PART II

POPS

Why Washington Delays in Solving Financial Crises

Introduction

As we saw in part I, government rarely acts to keep a bubble from getting out of hand. But surely when the bubble ultimately pops, governments do better? If only they did.

Many observers, including us, have been dismayed at how little and how poorly the financial system has been reorganized in the aftermath of the crash of 2008. Ideology, interests, and institutions all moved in the wrong direction.

As we show in chapter 7, the ideological positions of members of Congress elected before 2008 went virtually unchanged. The midterm elections of 2010 brought about not only a Republican majority but a movement of that party to the right after an influx of Tea Party members. As we show in chapter 8, the ideological response, in the form of populism, was weak.
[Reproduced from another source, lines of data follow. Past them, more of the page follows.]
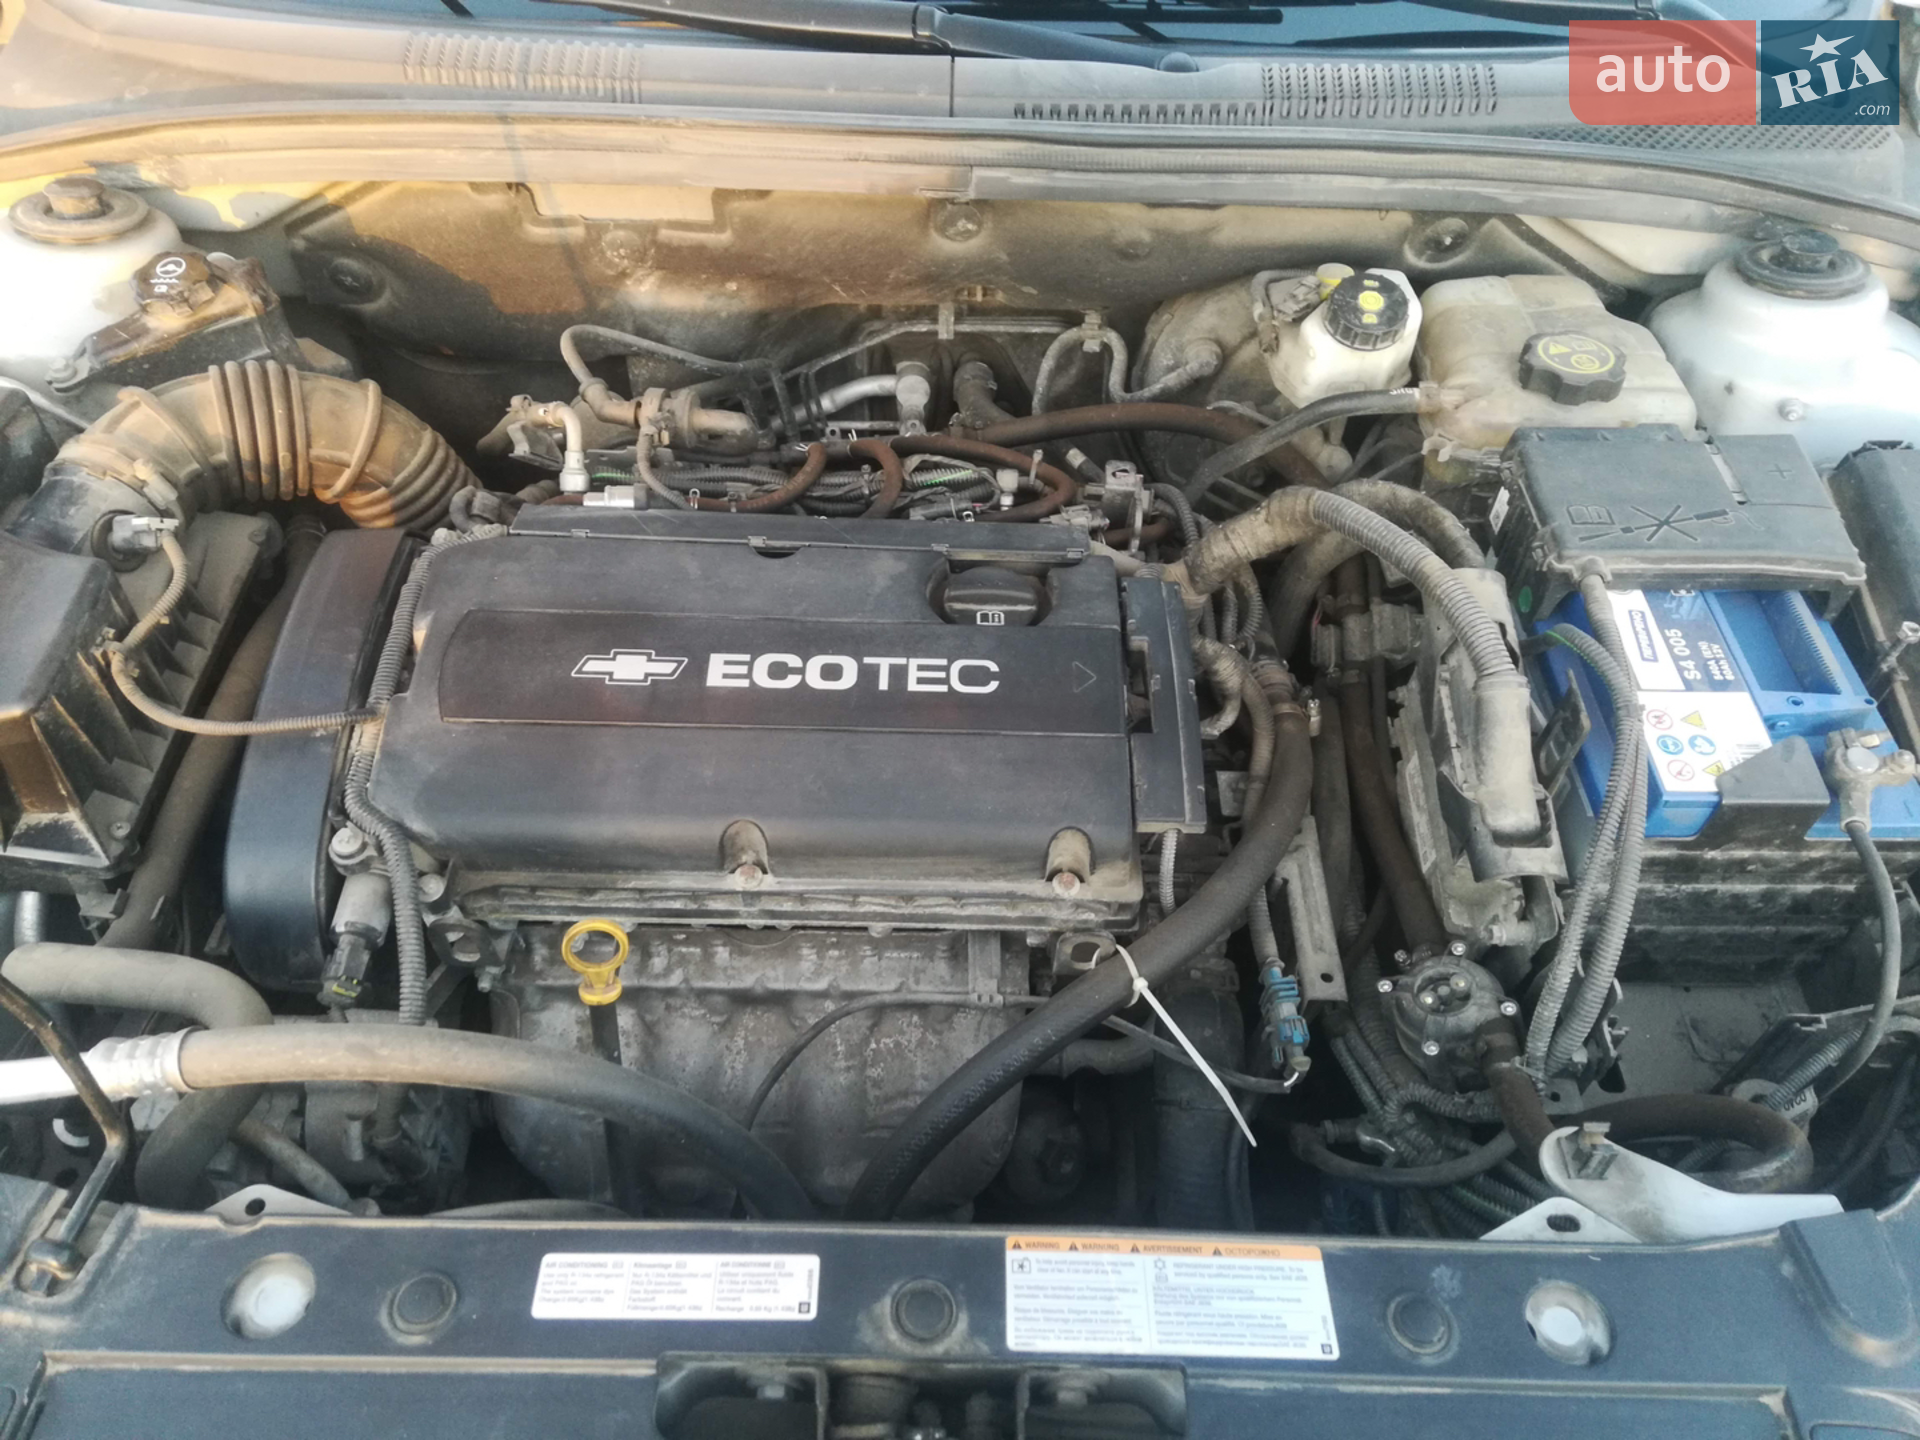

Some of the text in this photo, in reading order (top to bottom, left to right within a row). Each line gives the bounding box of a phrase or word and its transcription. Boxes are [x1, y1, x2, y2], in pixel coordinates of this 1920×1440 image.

[1664, 628, 1702, 680] S4 005
[1709, 643, 1725, 658] 12V
[706, 652, 1000, 694] ECOTEC
[1025, 1241, 1060, 1249] WARNING
[1081, 1242, 1120, 1251] WARNUNG
[1143, 1244, 1203, 1254] AVERTISSEMENT
While Occupy Wall Street largely fizzled on the left, whereas the Tea Party on the right was quickly provided with direction and resources by elite fundamentalist free market conservatives, such as former Texas congressman Richard Armey and the Club for Growth.

A new set of dangerous interests was created in the pop by the government bailout and government-directed mergers and acquisitions. In the introduction we touched on PNC’s acquisition of National City Corporation with funds from the Troubled Asset Relief Program. In chapter 5, we showed how an account at a small bank in New Jersey eventually wound up at Wells Fargo after the latter acquired the failing Wachovia. More generally, the financial sector has become more concentrated, as further indicated by JPMorgan Chase’s acquisition of Bear Stearns and Washington Mutual, and by Bank of America’s acquisition of Countrywide Financial and Merrill Lynch. Many of Lehman Brothers’ viable operations were acquired by Barclays. The upshot is a less competitive industry that is now bigger than too big to fail.
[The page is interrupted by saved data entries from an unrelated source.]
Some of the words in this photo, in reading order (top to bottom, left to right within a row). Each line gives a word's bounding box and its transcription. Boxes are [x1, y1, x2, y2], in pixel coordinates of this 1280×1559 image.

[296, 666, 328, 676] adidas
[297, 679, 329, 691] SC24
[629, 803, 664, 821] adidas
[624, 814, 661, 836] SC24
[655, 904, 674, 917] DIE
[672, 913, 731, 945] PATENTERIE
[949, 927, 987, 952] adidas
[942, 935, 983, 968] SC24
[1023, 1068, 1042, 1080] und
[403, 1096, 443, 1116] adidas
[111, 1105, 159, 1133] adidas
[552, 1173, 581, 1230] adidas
After the Supreme Court’s decision in Citizens United v. Federal Elections Commission,1 the financial sector has new opportunities to use its resources to influence political campaigns.2 And because the concentration has eliminated all the old cleavages among commercial banks, investment banks, and insurance companies, the industry has better aligned political preferences and can lobby with one voice.3

Institutions sharply limited legislative response to the pop. In chapter 7 we show in some detail how pivotal politics played out, in the form of a Senate filibuster threat, to limit the content of both President Barack Obama’s stimulus package and the Dodd-Frank Wall Street Reform and Consumer Protection Act on financial regulation. Dodd-Frank, in our opinion, was far too complex and left far too much to the discretion of regulators. The costs of this regulatory discretion have been exemplified by the unseemly lobbying, most notably by MF Global’s CEO Jon Corzine of his former Goldman colleague, Commodity Futures Trading Commission head Gary Gensler, and by JPMorgan Chase CEO Jamie Dimon’s efforts to limit the regulation of derivatives and swaps. Institutions have also played out in Republican attempts to limit or repeal parts of Dodd-Frank. A filibuster threat torpedoed any possible nomination of Elizabeth Warren to head the new Consumer Financial Protection Bureau and forced Obama to circumvent the Senate by appointing Richard Cordray as bureau head during a Senate recess.4 Lack of consensus has left the future of Fannie Mae and Freddie Mac up in the air.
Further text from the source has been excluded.